== Segment start ==

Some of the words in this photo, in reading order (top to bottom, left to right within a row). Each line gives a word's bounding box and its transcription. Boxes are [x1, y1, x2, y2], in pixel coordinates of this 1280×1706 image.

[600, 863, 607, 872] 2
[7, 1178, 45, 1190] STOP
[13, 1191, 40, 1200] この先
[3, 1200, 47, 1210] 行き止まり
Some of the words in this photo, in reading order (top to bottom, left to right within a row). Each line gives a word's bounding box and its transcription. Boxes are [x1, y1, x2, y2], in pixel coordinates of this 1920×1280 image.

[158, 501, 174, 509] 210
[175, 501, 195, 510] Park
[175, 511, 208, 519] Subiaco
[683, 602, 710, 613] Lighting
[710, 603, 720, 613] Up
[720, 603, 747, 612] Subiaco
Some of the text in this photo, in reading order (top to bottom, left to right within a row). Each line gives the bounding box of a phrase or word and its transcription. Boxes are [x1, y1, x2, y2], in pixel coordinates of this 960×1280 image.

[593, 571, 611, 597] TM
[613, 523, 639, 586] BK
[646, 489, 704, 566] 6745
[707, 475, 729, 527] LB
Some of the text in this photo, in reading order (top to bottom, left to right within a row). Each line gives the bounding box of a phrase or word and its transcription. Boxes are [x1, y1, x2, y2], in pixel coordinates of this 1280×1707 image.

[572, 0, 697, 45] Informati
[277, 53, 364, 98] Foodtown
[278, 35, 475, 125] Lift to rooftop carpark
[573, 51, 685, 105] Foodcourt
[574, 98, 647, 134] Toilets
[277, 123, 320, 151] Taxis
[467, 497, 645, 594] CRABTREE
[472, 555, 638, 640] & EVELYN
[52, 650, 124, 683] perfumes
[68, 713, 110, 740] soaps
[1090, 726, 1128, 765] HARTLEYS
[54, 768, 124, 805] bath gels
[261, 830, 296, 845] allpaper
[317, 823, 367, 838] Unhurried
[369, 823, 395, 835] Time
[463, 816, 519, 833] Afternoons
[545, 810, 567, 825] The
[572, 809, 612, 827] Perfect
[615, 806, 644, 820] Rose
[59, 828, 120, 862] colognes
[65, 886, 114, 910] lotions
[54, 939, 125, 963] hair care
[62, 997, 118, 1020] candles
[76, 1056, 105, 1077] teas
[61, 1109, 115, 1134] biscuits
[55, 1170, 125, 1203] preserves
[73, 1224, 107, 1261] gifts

== Segment end ==

■ THE PROBLEM ■
Every word of every entry must be returned as it appears.

■ OUTPUT ■
Some of the words in this photo, in reading order (top to bottom, left to right within a row). Each line gives a word's bounding box and its transcription. Boxes are [x1, y1, x2, y2], in pixel coordinates of this 1280×1706 image.

[600, 863, 607, 872] 2
[7, 1178, 45, 1190] STOP
[13, 1191, 40, 1200] この先
[3, 1200, 47, 1210] 行き止まり
Some of the words in this photo, in reading order (top to bottom, left to right within a row). Each line gives a word's bounding box and its transcription. Boxes are [x1, y1, x2, y2], in pixel coordinates of this 1920×1280 image.

[158, 501, 174, 509] 210
[175, 501, 195, 510] Park
[175, 511, 208, 519] Subiaco
[683, 602, 710, 613] Lighting
[710, 603, 720, 613] Up
[720, 603, 747, 612] Subiaco
Some of the text in this photo, in reading order (top to bottom, left to right within a row). Each line gives the bounding box of a phrase or word and its transcription. Boxes are [x1, y1, x2, y2], in pixel coordinates of this 960×1280 image.

[593, 571, 611, 597] TM
[613, 523, 639, 586] BK
[646, 489, 704, 566] 6745
[707, 475, 729, 527] LB
Some of the text in this photo, in reading order (top to bottom, left to right within a row). Each line gives the bounding box of a phrase or word and its transcription. Boxes are [x1, y1, x2, y2], in pixel coordinates of this 1280×1707 image.

[572, 0, 697, 45] Informati
[277, 53, 364, 98] Foodtown
[278, 35, 475, 125] Lift to rooftop carpark
[573, 51, 685, 105] Foodcourt
[574, 98, 647, 134] Toilets
[277, 123, 320, 151] Taxis
[467, 497, 645, 594] CRABTREE
[472, 555, 638, 640] & EVELYN
[52, 650, 124, 683] perfumes
[68, 713, 110, 740] soaps
[1090, 726, 1128, 765] HARTLEYS
[54, 768, 124, 805] bath gels
[261, 830, 296, 845] allpaper
[317, 823, 367, 838] Unhurried
[369, 823, 395, 835] Time
[463, 816, 519, 833] Afternoons
[545, 810, 567, 825] The
[572, 809, 612, 827] Perfect
[615, 806, 644, 820] Rose
[59, 828, 120, 862] colognes
[65, 886, 114, 910] lotions
[54, 939, 125, 963] hair care
[62, 997, 118, 1020] candles
[76, 1056, 105, 1077] teas
[61, 1109, 115, 1134] biscuits
[55, 1170, 125, 1203] preserves
[73, 1224, 107, 1261] gifts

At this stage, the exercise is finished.